Squeezing Dividends out of the Tube

11/01/2010 12:00 pm EST

Focus: STOCKS

Josh Peters

Editor, Morningstar DividendInvestor

Josh Peters, editor of Morningstar DividendInvestor, and analyst Lauren DeSanto like consumer products giant Colgate-Palmolive, which has been paying dividends for more than a century.

Colgate-Palmolive (NYSE: CL) has long been one of the most focused consumer product companies on the planet, dominating the oral-care category with a worldwide toothpaste market share of almost 45%.

Colgate has a long record of operating in markets around the world and has deftly navigated crises from currency devaluations to cost inflation. Consumers worldwide want safe, trusted, effective products when it comes to oral care, so the firm has been able to build brand loyalty while keeping private-label threats at bay.

The firm’s expertise extends beyond toothpaste. Its core Colgate Business Planning tool gives management the ability to measure the impact of promotional investments on volume and profits and reallocate spending to better effect. As Colgate grows and tests new markets and promotions, the data and capability of this tool will only improve.

Product innovation at Colgate is more likely to take the form of incremental improvements rather than blockbuster new-product introductions. With competitors like Procter & Gamble (NYSE: PG) stepping up their competitive activity, Colgate may struggle to defend its market share, particularly if its product line up fails to hold consumers’ attention. Local brands could prove to be more of a threat in overseas markets as the firm grapples with wide foreign-currency swings.

And with such a narrowly focused product assortment, at some point Colgate could see diminishing returns as it reaches a ceiling on its market share potential. Over the longer term, Colgate’s deep knowledge of its categories and experience in its markets will serve it well, but the near term may be quite choppy.

A Morningstar credit rating of AA reflects very strong financial health. Net debt of $2.8 billion at June 30th represented less than one year’s worth of operating cash flow. Colgate’s dividend—continuously paid for 115 years now—is running at about 44% of earnings. Given a well-demonstrated stability in profits and cash flow, we see no threats to the current payout.

Colgate has a long history of putting up low-double-digit annual increases in its dividend; an unusually generous 20.5% hike was announced earlier this year. Though we don’t believe such impressive results can go on indefinitely, we still see the potential for 7%–9% yearly advances.

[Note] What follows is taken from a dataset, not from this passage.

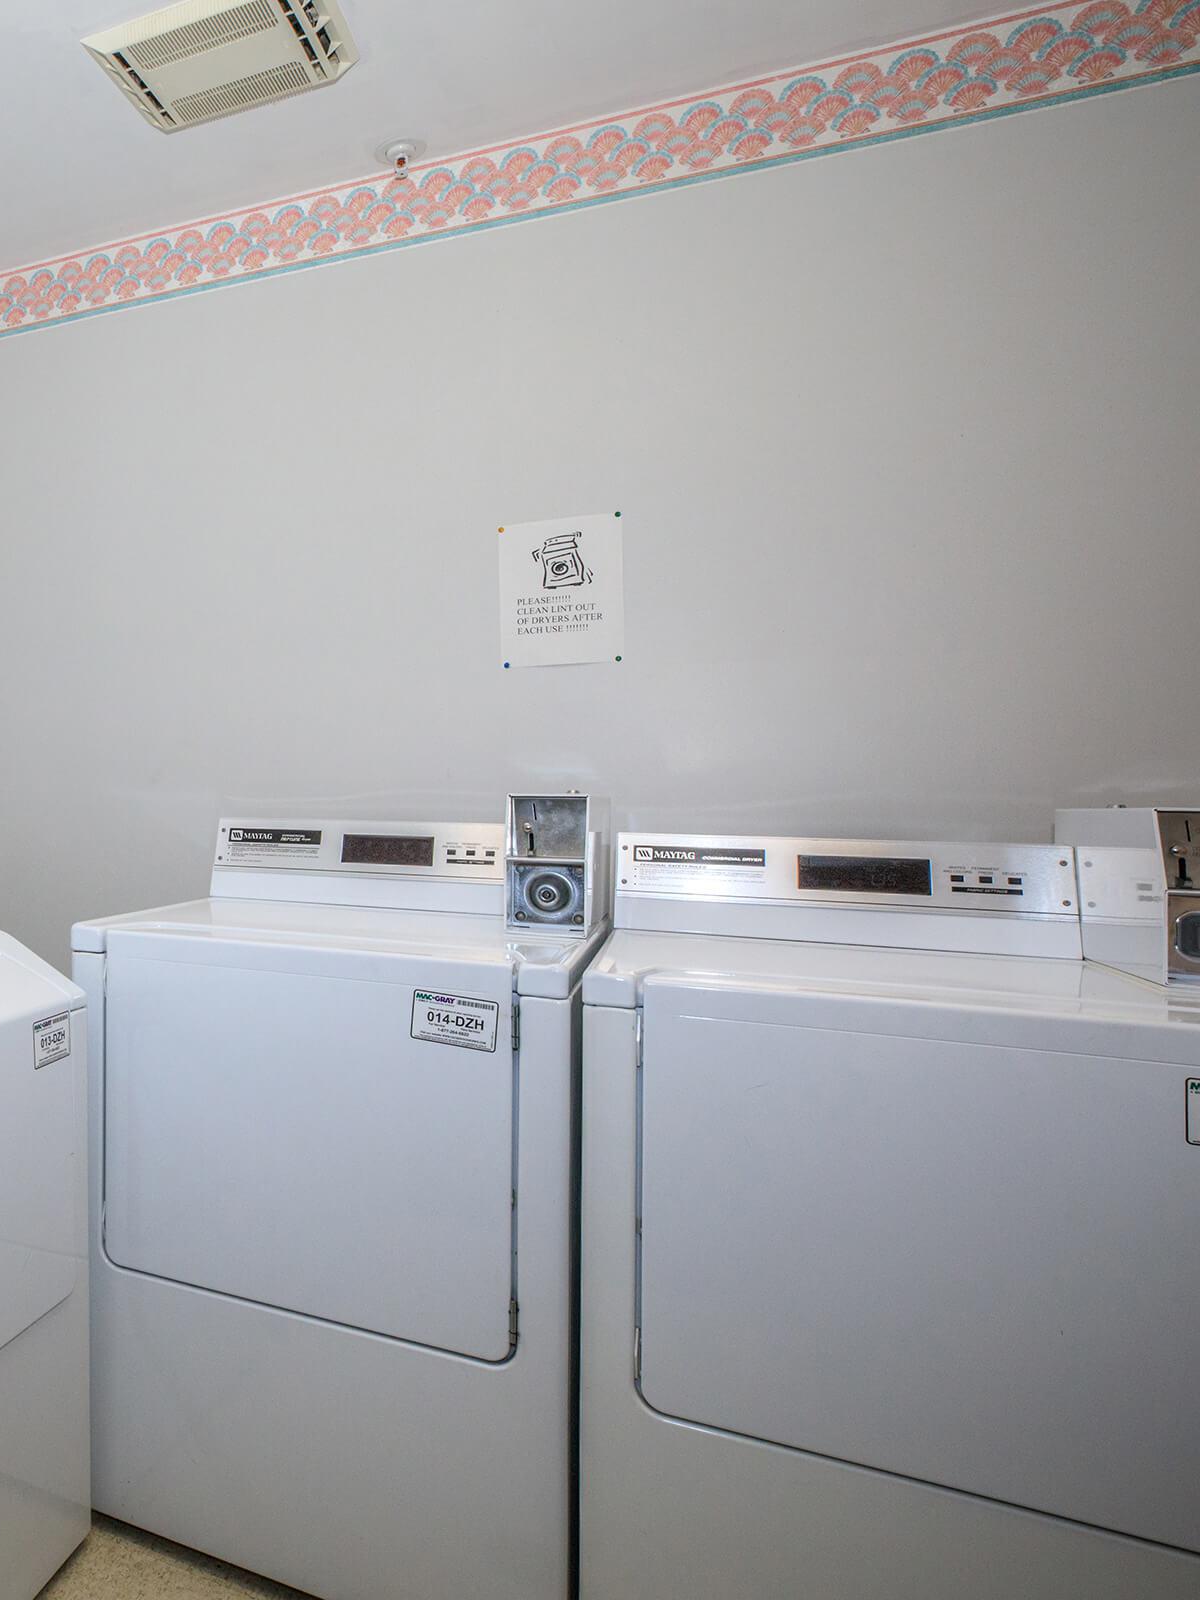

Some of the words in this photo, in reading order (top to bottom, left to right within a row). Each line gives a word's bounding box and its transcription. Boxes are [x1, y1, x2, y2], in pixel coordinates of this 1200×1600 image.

Colgate’s ability to generate cash is a key advantage: Over the past ten years, more than 90% of earnings were converted into free cash flow (even after acquisition spending), but the business certainly didn’t suffer from a lack of investment.

If purchased at our $77 Dividend Buy price, Colgate would provide a current yield of 2.75% while offering a long-run total return profile of 10%–12% a year. An impressive business, to be sure—but I would feel more comfortable considering the stock with a yield in excess of 3% (implying a price below $70). (The stock closed at around $77 Friday—Editor.)